TASK DETAILS
Restate every record word for word, without the pictures.

DATA EXTRACTS
___
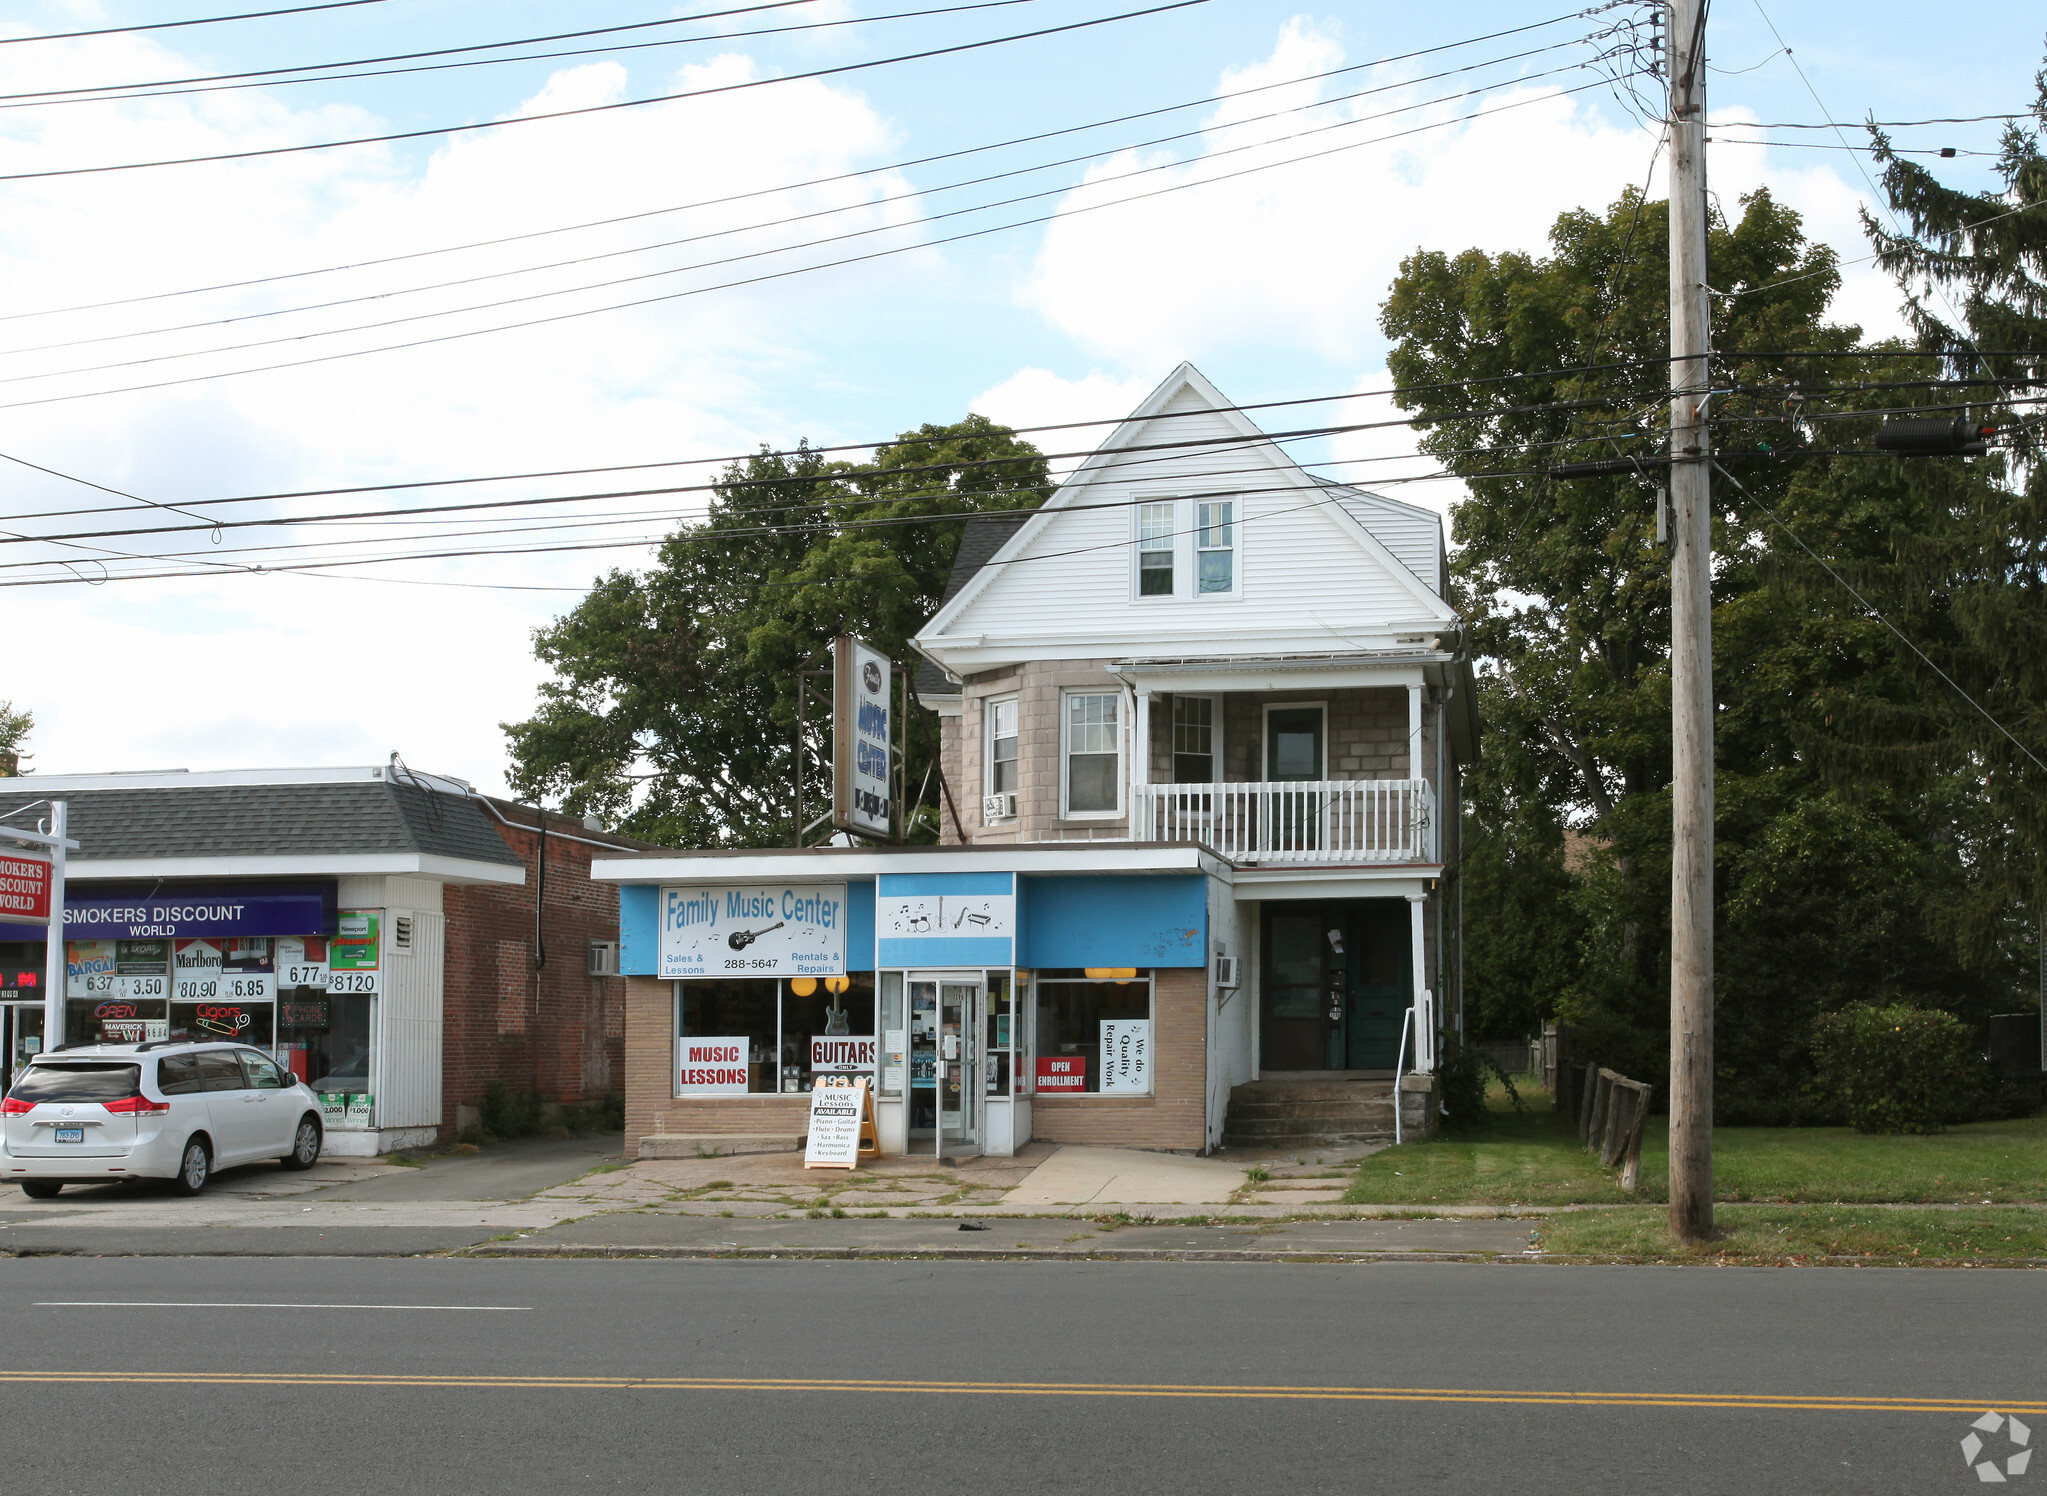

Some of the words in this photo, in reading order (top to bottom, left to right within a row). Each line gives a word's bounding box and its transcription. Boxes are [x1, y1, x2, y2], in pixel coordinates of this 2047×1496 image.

[858, 694, 887, 742] MUSIC
[857, 739, 887, 784] CENTER
[63, 907, 147, 924] SMOKERS
[153, 905, 245, 922] DISCOUNT
[667, 891, 719, 932] Family
[727, 891, 774, 919] Music
[782, 889, 839, 930] Center
[130, 925, 176, 937] WORLD
[341, 926, 367, 934] Newport
[176, 949, 222, 968] Marlboro
[666, 954, 693, 963] Sales
[697, 954, 704, 963] &
[724, 959, 778, 969] 288-5647
[791, 952, 829, 961] Rentals
[832, 952, 840, 961] &
[67, 956, 115, 977] BARGAI
[290, 966, 320, 983] 6.77
[665, 966, 705, 975] Lessons
[797, 964, 834, 975] Repairs
[133, 978, 162, 995] 3.50
[177, 981, 217, 998] $80.90
[231, 980, 264, 997] $6.85
[96, 1005, 138, 1018] OPEN
[196, 1003, 241, 1022] Cigars
[293, 1005, 323, 1014] PHONE
[293, 1013, 323, 1022] CARDS
[1104, 1024, 1116, 1057] Repair
[1135, 1039, 1145, 1055] We
[689, 1047, 739, 1062] MUSIC
[1119, 1035, 1131, 1077] Quality
[1051, 1061, 1071, 1072] OPEN
[1105, 1061, 1115, 1087] Work
[1135, 1060, 1145, 1072] do
[681, 1069, 747, 1085] LESSONS
[1037, 1075, 1084, 1086] ENROLLMENT
___
ANSWER SECTION
Some of the words in this photo, in reading order (top to bottom, left to right within a row). Each line gives a word's bounding box and its transcription. Boxes are [x1, y1, x2, y2], in pixel coordinates of this 2047×1496 image.

[858, 694, 887, 742] MUSIC
[857, 739, 887, 784] CENTER
[63, 907, 147, 924] SMOKERS
[153, 905, 245, 922] DISCOUNT
[667, 891, 719, 932] Family
[727, 891, 774, 919] Music
[782, 889, 839, 930] Center
[130, 925, 176, 937] WORLD
[341, 926, 367, 934] Newport
[176, 949, 222, 968] Marlboro
[666, 954, 693, 963] Sales
[697, 954, 704, 963] &
[724, 959, 778, 969] 288-5647
[791, 952, 829, 961] Rentals
[832, 952, 840, 961] &
[67, 956, 115, 977] BARGAI
[290, 966, 320, 983] 6.77
[665, 966, 705, 975] Lessons
[797, 964, 834, 975] Repairs
[133, 978, 162, 995] 3.50
[177, 981, 217, 998] $80.90
[231, 980, 264, 997] $6.85
[96, 1005, 138, 1018] OPEN
[196, 1003, 241, 1022] Cigars
[293, 1005, 323, 1014] PHONE
[293, 1013, 323, 1022] CARDS
[1104, 1024, 1116, 1057] Repair
[1135, 1039, 1145, 1055] We
[689, 1047, 739, 1062] MUSIC
[1119, 1035, 1131, 1077] Quality
[1051, 1061, 1071, 1072] OPEN
[1105, 1061, 1115, 1087] Work
[1135, 1060, 1145, 1072] do
[681, 1069, 747, 1085] LESSONS
[1037, 1075, 1084, 1086] ENROLLMENT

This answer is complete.